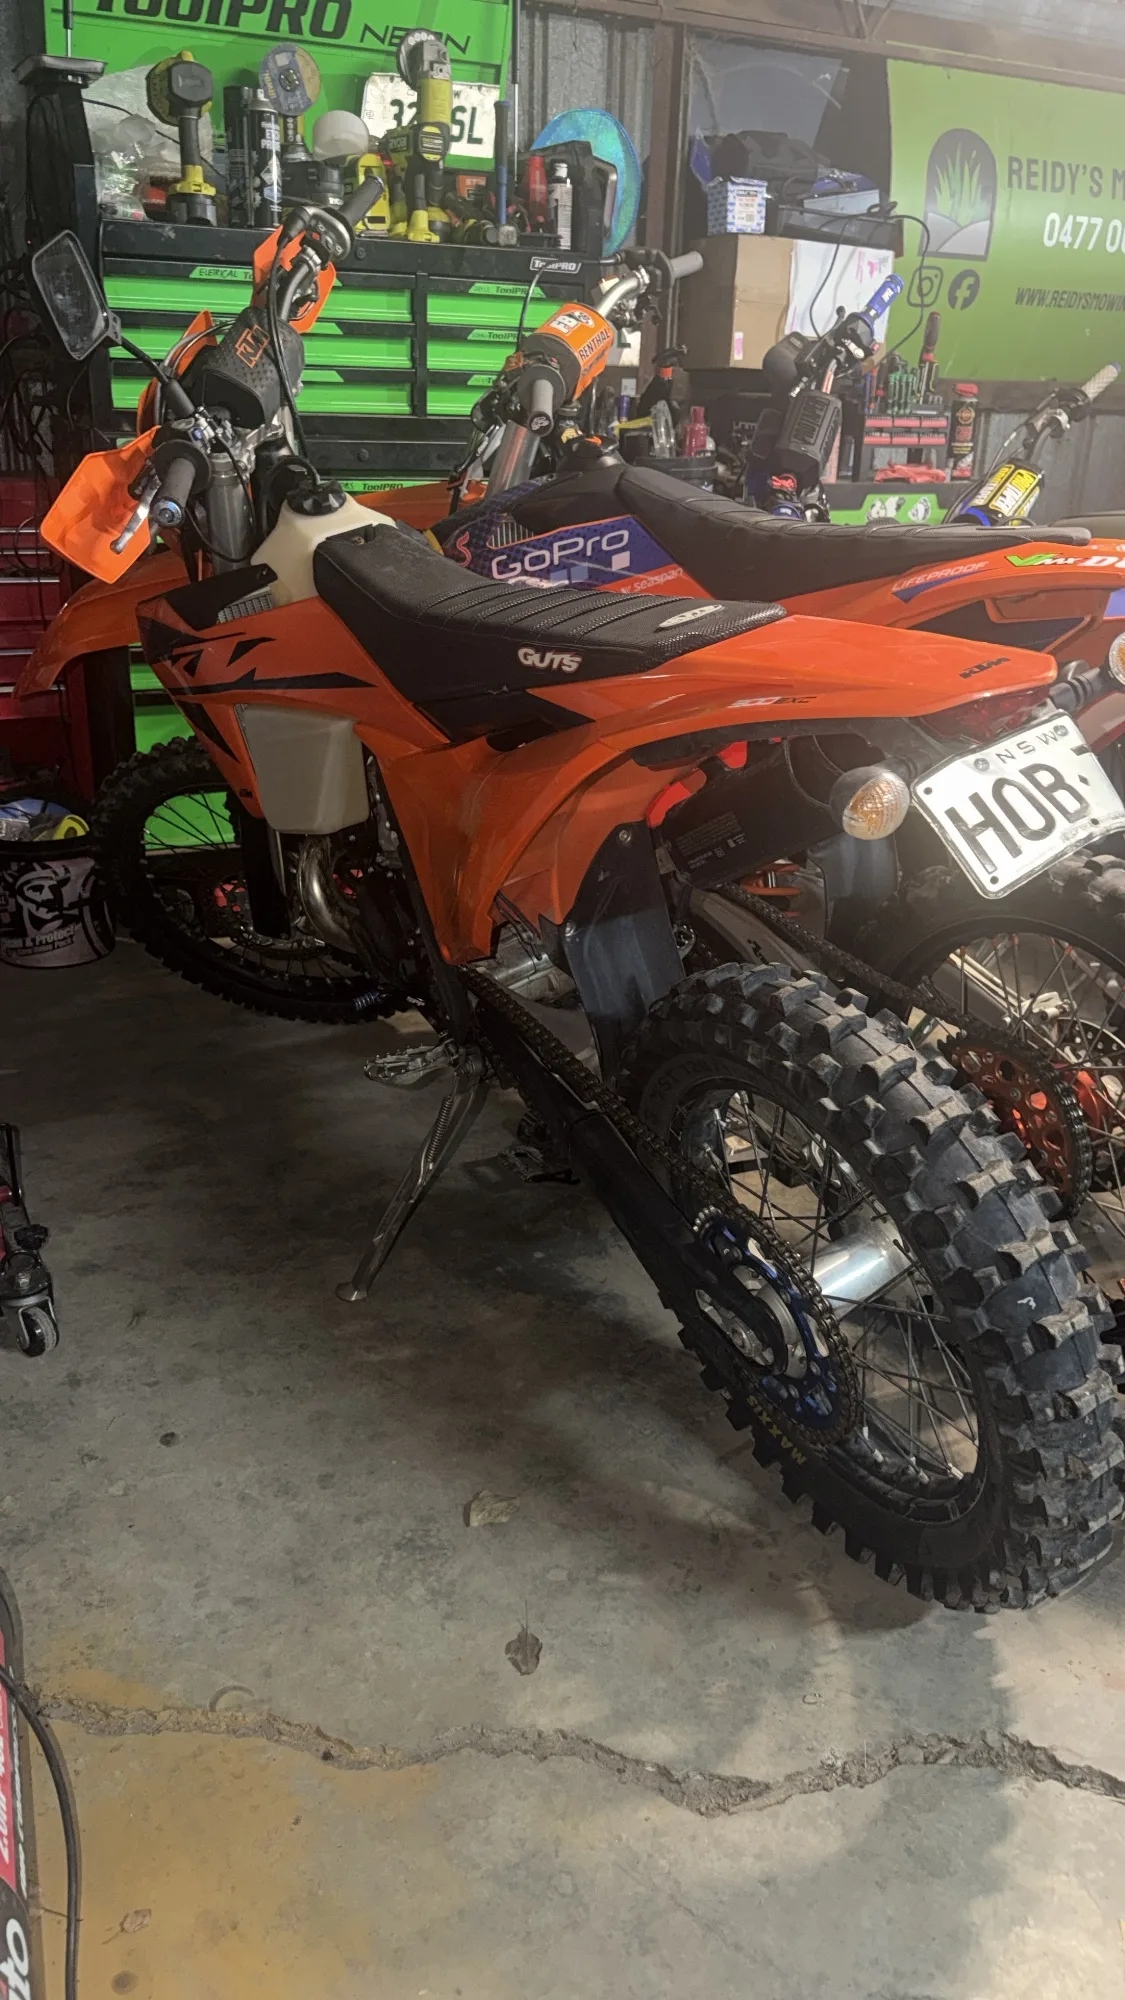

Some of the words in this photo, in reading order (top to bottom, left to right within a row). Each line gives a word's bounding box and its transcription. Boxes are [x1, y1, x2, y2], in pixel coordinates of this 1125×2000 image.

[360, 23, 471, 55] NEN
[1007, 155, 1103, 198] REIDY'S
[1043, 212, 1103, 250] 0477
[495, 286, 528, 295] ToolPR
[487, 331, 519, 340] ToolPR
[579, 327, 610, 362] RENTHAL
[362, 483, 404, 491] ToolPRO
[491, 529, 630, 580] GoPro
[633, 566, 684, 593] seaspan
[892, 560, 990, 592] LIFEPROOF
[517, 647, 583, 673] GUTS
[959, 657, 1011, 679] KTM
[746, 1395, 808, 1466] MAXXIS
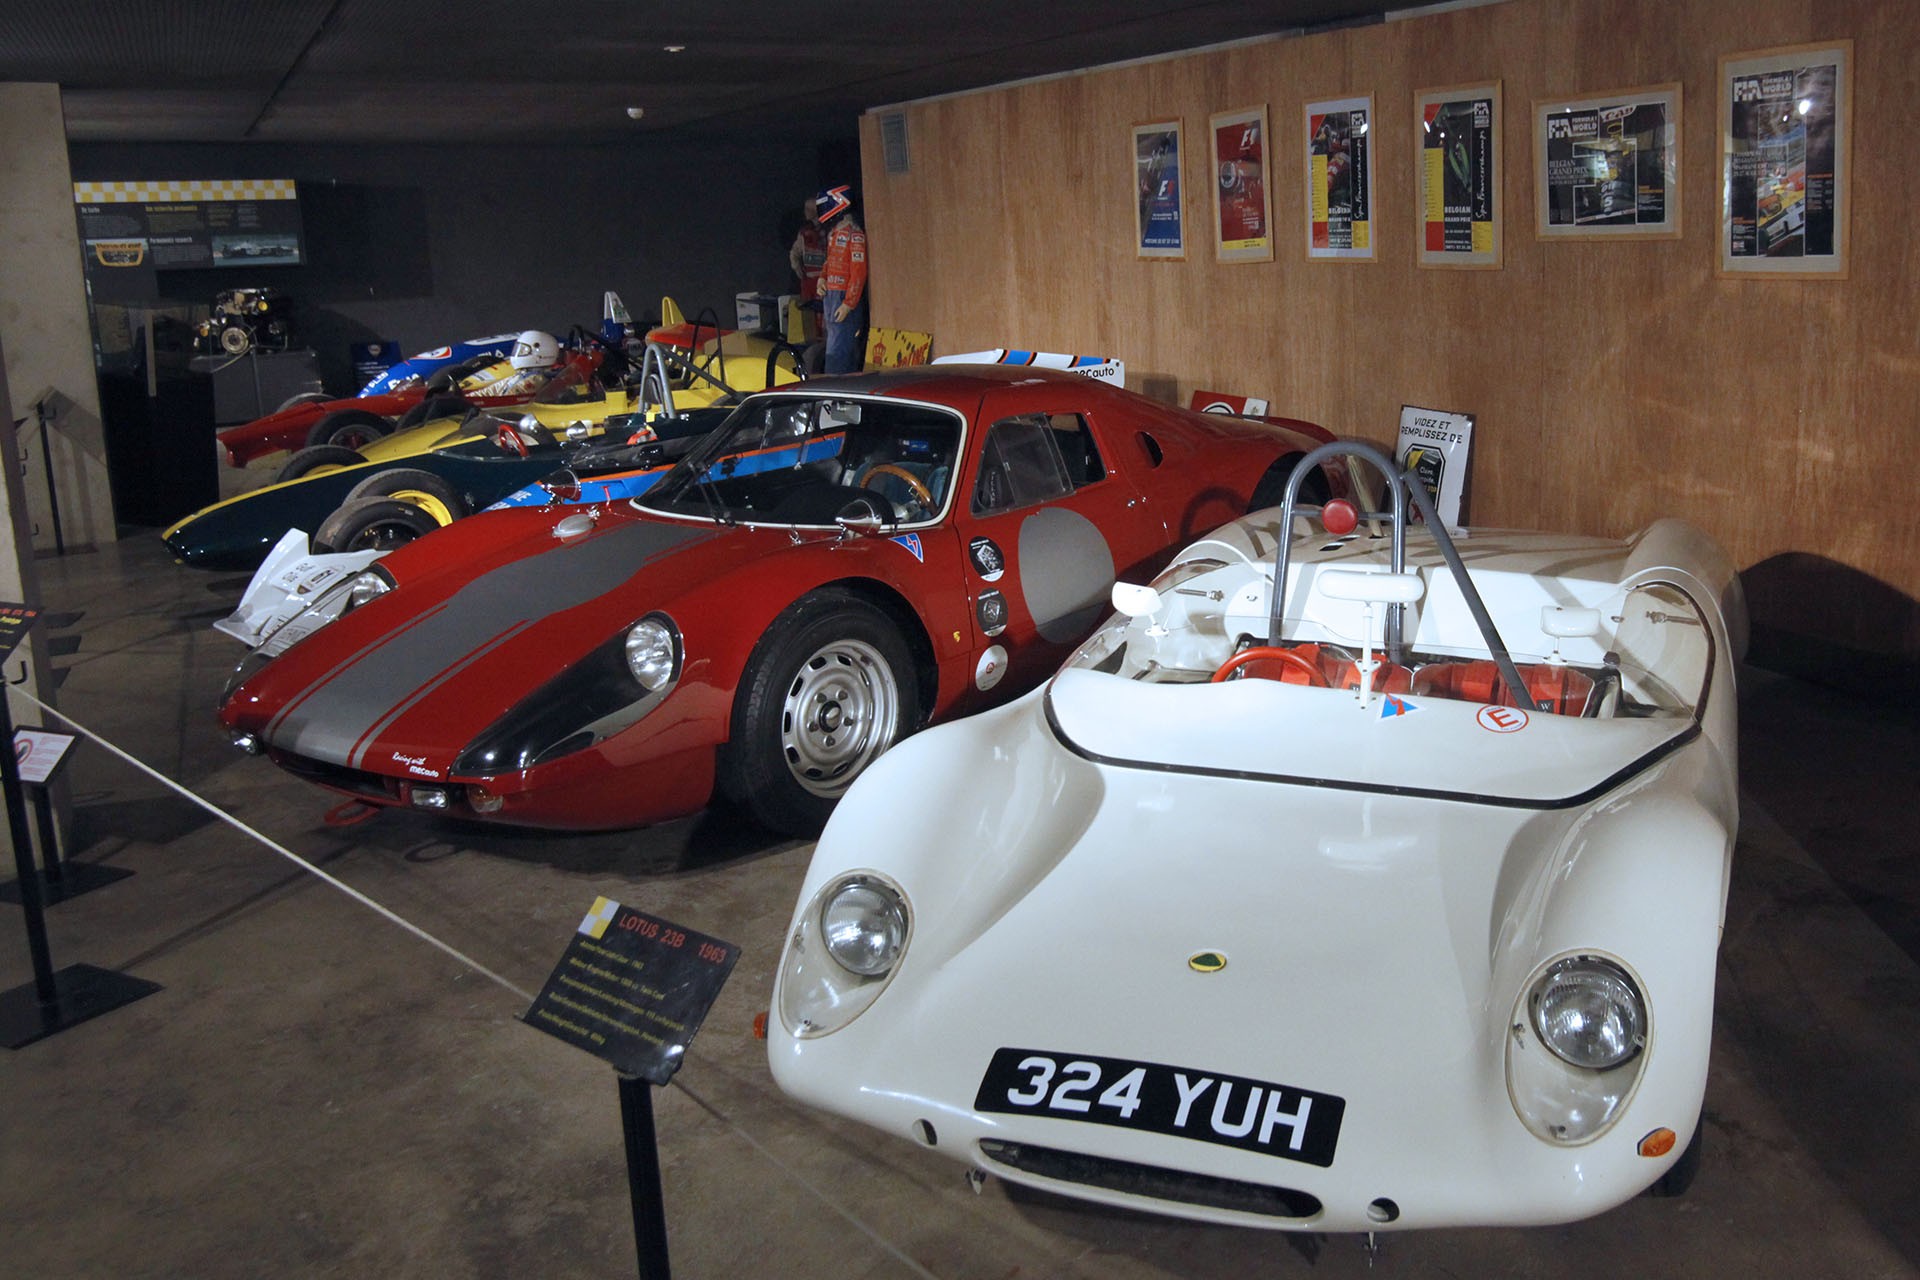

**EXERCISE PROMPT**
Please repeat every record exactly, leaving the pictures out.

**RESULT FOR THIS TASK**
Some of the words in this photo, in reading order (top to bottom, left to right within a row). Each line gives a word's bounding box and its transcription. Boxes are [x1, y1, x2, y2], in pixel coordinates of this 1125×2000 image.

[360, 23, 471, 55] NEN
[1007, 155, 1103, 198] REIDY'S
[1043, 212, 1103, 250] 0477
[495, 286, 528, 295] ToolPR
[487, 331, 519, 340] ToolPR
[579, 327, 610, 362] RENTHAL
[362, 483, 404, 491] ToolPRO
[491, 529, 630, 580] GoPro
[633, 566, 684, 593] seaspan
[892, 560, 990, 592] LIFEPROOF
[517, 647, 583, 673] GUTS
[959, 657, 1011, 679] KTM
[746, 1395, 808, 1466] MAXXIS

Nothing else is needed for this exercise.